What to produce => Below is a set of records; print all of them exactly as written.

Available records =>
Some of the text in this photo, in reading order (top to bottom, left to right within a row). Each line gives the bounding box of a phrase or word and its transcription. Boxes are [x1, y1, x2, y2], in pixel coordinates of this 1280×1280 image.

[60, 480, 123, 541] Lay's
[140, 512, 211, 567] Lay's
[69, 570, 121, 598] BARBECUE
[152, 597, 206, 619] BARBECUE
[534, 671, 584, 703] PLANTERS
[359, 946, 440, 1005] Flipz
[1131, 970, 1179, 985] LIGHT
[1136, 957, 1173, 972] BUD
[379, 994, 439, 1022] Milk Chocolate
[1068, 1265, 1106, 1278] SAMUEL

Response for this exercise =>
Some of the text in this photo, in reading order (top to bottom, left to right within a row). Each line gives the bounding box of a phrase or word and its transcription. Boxes are [x1, y1, x2, y2], in pixel coordinates of this 1280×1280 image.

[60, 480, 123, 541] Lay's
[140, 512, 211, 567] Lay's
[69, 570, 121, 598] BARBECUE
[152, 597, 206, 619] BARBECUE
[534, 671, 584, 703] PLANTERS
[359, 946, 440, 1005] Flipz
[1131, 970, 1179, 985] LIGHT
[1136, 957, 1173, 972] BUD
[379, 994, 439, 1022] Milk Chocolate
[1068, 1265, 1106, 1278] SAMUEL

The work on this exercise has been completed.